Even if you can’t travel to Edinburgh or Spoleto for those renowned arts festivals, San Francisco can offer a taste of international culture at its own artistic showcase.

The annual San Francisco International Arts Festival has been offering a dizzying array of performances for nearly two decades. From Oct. 20-24 the festival is offering three days of online content and a weekend of live shows at Fort Mason. Despite the broad spectrum of audience tastes, everyone is sure to find a number artists that inspire them.

In 2020, when the pandemic canceled most live performances across the world, the SFIAF was forced to shrink its usual three-week run, but still managed to produce two days with 15 performing ensembles in three outdoor venues while following strict COVID protocols.

Now that theaters and concert halls are reopening everywhere, SFIAF is back with a bigger line-up than last season. Its dance offerings include styles spanning East Indian Kathak and Bharatanatyam through modern and contemporary, and on to hip-hop and Brazilian Capoeira.

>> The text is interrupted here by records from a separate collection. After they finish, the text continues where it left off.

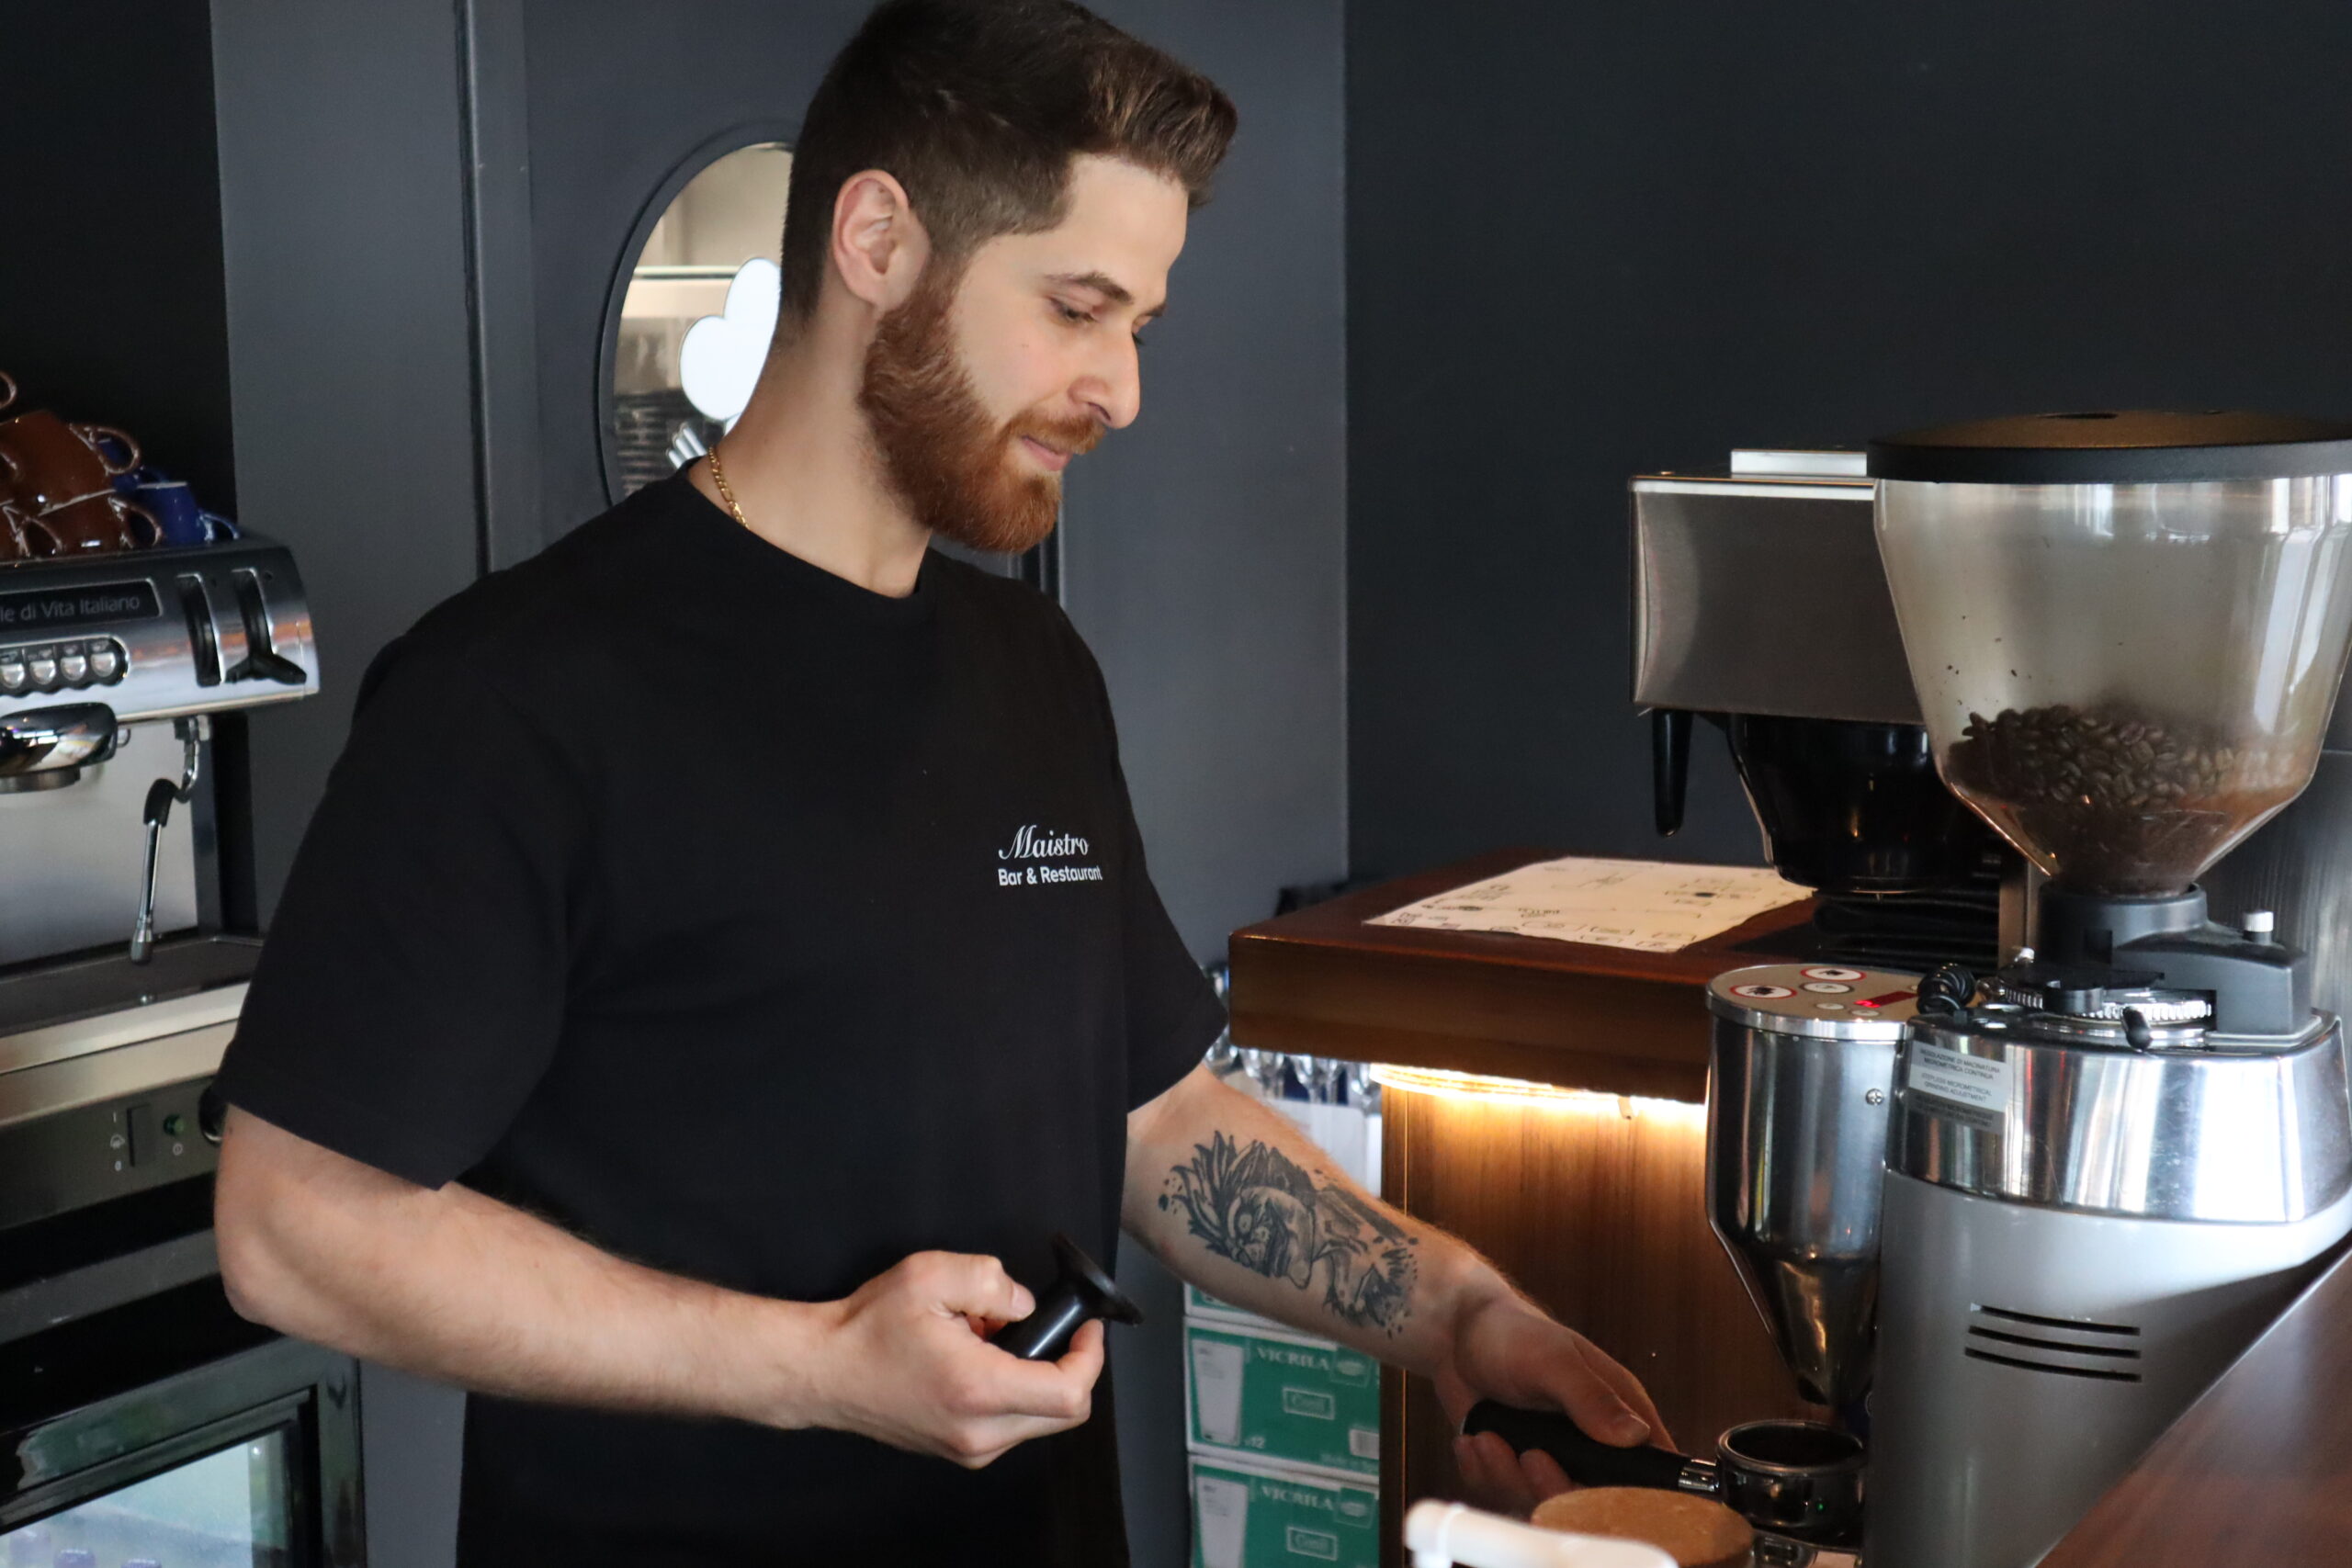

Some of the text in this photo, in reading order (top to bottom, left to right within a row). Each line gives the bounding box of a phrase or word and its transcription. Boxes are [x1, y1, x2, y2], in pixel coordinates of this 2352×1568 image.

[20, 603, 36, 621] di
[40, 600, 74, 618] Vita
[80, 596, 141, 615] Italiano
[998, 824, 1090, 860] Maistro
[998, 864, 1103, 886] Bar & Restaurant
[1257, 1347, 1329, 1371] VICRILA
[1261, 1485, 1334, 1511] VICRILA

The music contingent is even wider — New Orleans big band, Filipino guitar, Argentine tango, Latin American, jazz, Dixieland, Balkan, Indonesian gamelan with guitar, international folk music and classical chamber music and opera.

Theater and performance art categories offer a Russian play in English translation, Balinese wayang (shadow puppets), a solo performance exploring race and color, and an moveable sculptural plea to protect wildlife.

Because international travel restrictions prevented the Russia-based Pop-Up Theater from coming, its director, Semion Aleksandrovskiy had to find another way to present his U.S. debut production of “Y.Y.aD.F.H. R.M.C.M.A.al.oH”. These cryptic English letters are a translation of what Tolstoy had scrawled in chalk on a card table for Sophia Bers, his wife who was 16 years his junior. The initial letters stand for “Your youth and the need for happiness remind me cruelly of my old age and the impossibility of happiness.”

As with so many aspects of life these days, the problem was solved via Zoom. Using the Bay Area’s own Shotgun Players company actors, Megan Trout and Caleb Cabrera, rehearsals were conducted online to re-create this site-specific play which will be performed in the Great Meadow at Fort Mason.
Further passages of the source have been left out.